Linked Open Data Odyssey

luke
10 Dec 2015

eResearch Analyst Ingrid Mason won the VALA 2014 Travel Scholarship to learn more about international linked open data practices.

Intersect is pleased to announce that one of its eResearch Analysts, Ingrid Mason, was the recipient of the VALA 2014 Travel Scholarship. Ingrid has a background in digital cultural heritage (digital collection and preservation), enabling discovery and interoperability across galleries, libraries, archives and museums (the GLAM sector) and providing eResearch support services for humanities, arts, and social sciences including research data management and software development. Ingrid sought out the VALA scholarship to secure funding to travel overseas to learn more about linked open data practices as professional development. 

Linked open data as an approach to structuring data is an intersection of expertise and skills found in the data-information-computer sciences.  Ingrid’s whistle stop research tour started in San Francisco at the Internet Archive with Jefferson Bailey and ended with Gildas Illien and Agnes Simon and the data.bnf.fr team in Paris at the Bibliothèque Nationale de France.  She spent time discussing the production and consumption of linked open data to support resource discovery and scholarly research support services.  

The discussions Ingrid had with colleagues were all focused on the application of linked open data methods, challenges and successes, technologies used, and importantly lessons learned and recommendations for those keen to take their first steps.  Linked open data methods are increasingly being applied to aggregate and integrate data and this impacts upon the design of research support services, data and technical infrastructure. A synthesis of the findings will be conveyed to the digital library community at the VALA 2016 conference and a more detailed analysis will be provided in a white paper published by Intersect in Q2 2016.

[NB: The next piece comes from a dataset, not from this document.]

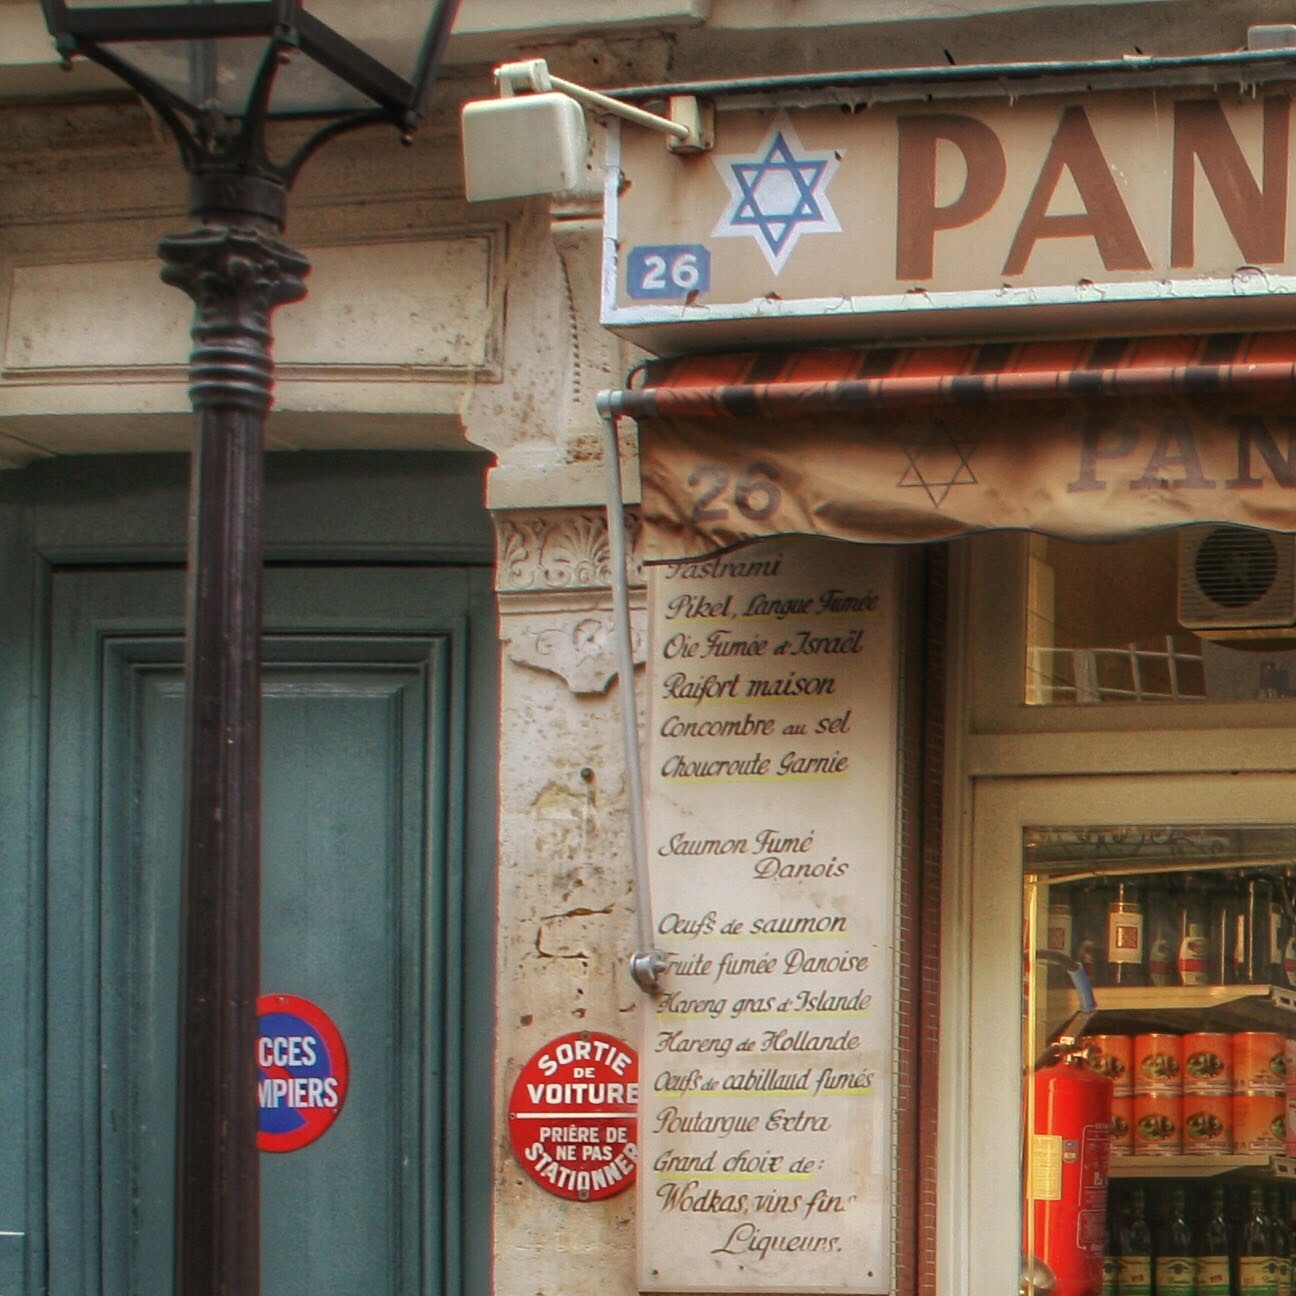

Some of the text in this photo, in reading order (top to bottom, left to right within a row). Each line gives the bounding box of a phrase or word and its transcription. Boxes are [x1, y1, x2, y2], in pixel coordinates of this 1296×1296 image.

Data intensive research is in the cloud and scholarly research networks have always been global.  New data structuring techniques, such as linked open data, have emerged to enable collaboration, data sharing and data integration.  Intersect is supporting this practice change in the Australian digital humanities research community, through data.intersect.org.au and support for capability building and access to data for culture and community researchers.